Malformations of Core M3 on α-Dystroglycan Are the Leading Cause of Dystroglycanopathies

Abstract

Dystroglycanopathies (DGPs) are a group of autosomal recessive neuromuscular diseases with significant clinical and genetic heterogeneity. They originate due to defects in the O-mannosyl glycosylation of α-dystroglycan (α-DG), a prominent linker between the intracellular cytoskeleton and the extracellular matrix (ECM). Fundamentally, such interactions are crucial for the integrity of muscle fibers and neuromuscular synapses, where their defects are mainly associated with muscle and brain dysfunction. To date, biallelic variants in 18 genes have been associated with DGPs, where the underlying cause is still undefined in a significant proportion of patients.

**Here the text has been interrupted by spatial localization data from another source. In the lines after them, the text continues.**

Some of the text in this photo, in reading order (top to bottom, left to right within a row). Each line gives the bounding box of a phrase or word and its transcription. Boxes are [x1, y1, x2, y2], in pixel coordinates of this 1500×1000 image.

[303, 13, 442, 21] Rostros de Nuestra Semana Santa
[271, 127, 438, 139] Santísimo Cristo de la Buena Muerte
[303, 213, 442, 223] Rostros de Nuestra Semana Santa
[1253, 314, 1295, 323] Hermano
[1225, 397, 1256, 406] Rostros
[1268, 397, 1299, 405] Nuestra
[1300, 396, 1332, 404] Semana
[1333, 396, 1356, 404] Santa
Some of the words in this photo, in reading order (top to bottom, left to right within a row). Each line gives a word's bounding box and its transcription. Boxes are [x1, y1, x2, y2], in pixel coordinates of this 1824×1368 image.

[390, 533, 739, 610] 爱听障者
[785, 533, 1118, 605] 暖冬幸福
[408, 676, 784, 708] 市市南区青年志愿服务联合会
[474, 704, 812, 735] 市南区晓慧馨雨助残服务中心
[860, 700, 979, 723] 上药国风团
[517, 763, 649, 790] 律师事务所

Glycosylation of α-DG generates three core motifs where the core M3 is responsible for interaction with the basement membrane. Consistently, all gene defects that corrupt core M3 maturation have been identified as causes of DGPs. POMGNT1 which stimulates the generation of core M1 is also associated with DGPs, as it plays a central role in core M3 processing. Other genes involved in the glycosylation of α-DG seem unrelated to DPGs. The current review illustrates the O-mannosylation pathway of α-DG highlighting the functional properties of related genes and their contribution to the progression of DPGs. Different classes of DPGs are also elaborated characterizing the clinical features of each distinct type and phenotypes associated with each single gene. Finally, current therapeutic approaches with favorable outcomes are addressed. Potential achievements of preclinical and clinical studies would introduce effective curative therapies for this group of disorders in the near future.